In order to become a building that is resistant to earthquake then the structure of the building needs to be considered. As in the review, this structure will discuss Footings, columns/ post, roofs, and walls.
The Footing is a lower structure that holds the structure above and forwards the load to the ground so that the Footing satisfies the following.
The Footing should be placed on a solid ground, the Footing laid on the hard ground. Footing lies deeper than 45 cm below ground level. The whole Footing must lie on a strong ground.
The Footing must be connected to the Footing belt (sloof), this is given to the local Footing as well as the continuous Footing.
The Footing beam (sloof) should be lumped on the Footing with a 1.5 m with 12 mm diameter iron reinforcement.
The Footing should not be placed too close to the cliff wall to avoid landslides. To prevent cliff slopes, the soil is given a retaining wall from the stone pairs of times or from bamboo or wooden plaster.
2. Column / Column.
columns or poles to help the wall in holding the load above it while making the wall into a ductile wall. The things to note in the column are as follows.
Buildings should use columns as load-bearing elements, eg using reinforced concrete columns.
The column should be laid on the Footing beam (sloof) or the bond is passed to the Footing.
At the top end of the column is repeated or each column must be tied and put together with the beam around / ring balk.
Building frames (Sloof, beams, and columns) should have a strong and sturdy relationship.

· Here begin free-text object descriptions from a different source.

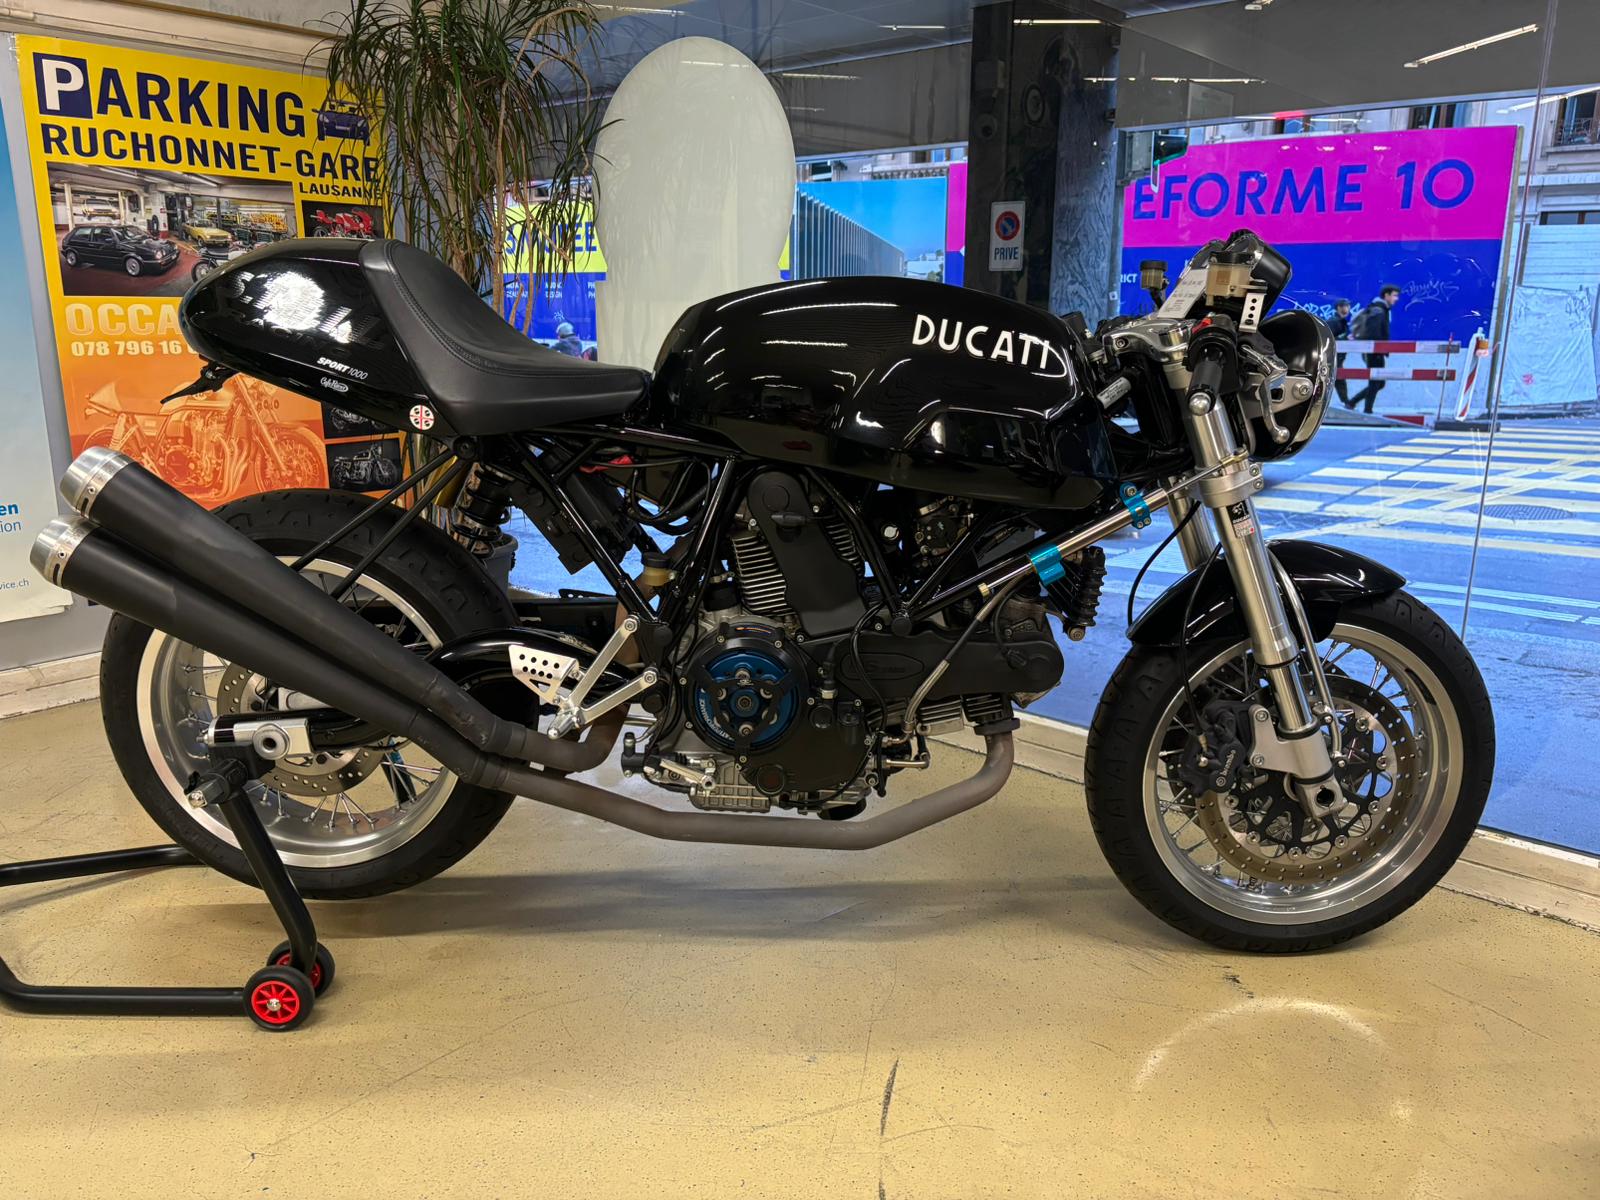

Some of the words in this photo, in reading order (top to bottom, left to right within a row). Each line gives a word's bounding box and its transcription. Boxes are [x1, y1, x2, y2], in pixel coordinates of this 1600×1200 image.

[41, 58, 306, 138] PARKING
[41, 123, 380, 183] RUCHONNET-GARE
[1395, 158, 1475, 210] 10
[994, 246, 1020, 261] PRIVE
[71, 341, 110, 356] 078
[114, 340, 154, 355] 796
[159, 340, 182, 355] 16
[912, 314, 1050, 369] DUCATI
[317, 357, 350, 372] SPORT
[349, 367, 369, 381] 1000
[0, 520, 21, 533] ion

The column should be equipped with a stiffening beam (ring balk, latei beam) to withstand the lateral force of the earthquake.
3. Building Beams.
The beams on simple house building consist of ring balk (beam around) and lintel beam. Latex beam/lintel has a function as a horizontal reinforcement and is generally located above the frame. Crosslinks can be mounted when possible.
4. Roof Building.
The roof structure needs to pay attention to the following points.
As discussed upfront, the roof should have a lightweight by using materials such as zinc, asbestos, aluminum or other lightweight materials.
The framework of the Truss must be strong to withstand the roof load and should be levied on its support that is on the column or ring beam.
In the longitudinal direction, the roof should be reinforced with a wind bond between the truss of the Truss.
The walls in particular of cement walls have the following uses.
The building wall in the event of an earthquake will receive the surface load in the direction perpendicular to the wall and the shear load on the parallel direction of the wall.
The strength of the inner wall of the load is influenced by the existence of the armature on the wall side and the reinforcement (practical column) on the wall itself.
The walls should be haunted in columns with a length of armature 1.5 times the length of a brick or brick. In addition, the armature is installed every 10 layers of red brick or every 3 layers of brick.
The walls of ampigs (mountains) will experience a large deflection when shaken by the earthquake because it is located at the highest part. Therefore, the mountains require the reinforcement of a wall frame.
The walls should be provided with practical columns and binding beams on sections of the wall that have an area of more than 12 m2 or wall length 15 times wall thickness.
Installation of ½ brick walls should be reinforced by practical columns binding both with sloof (foot) and ring beams at the top of the wall.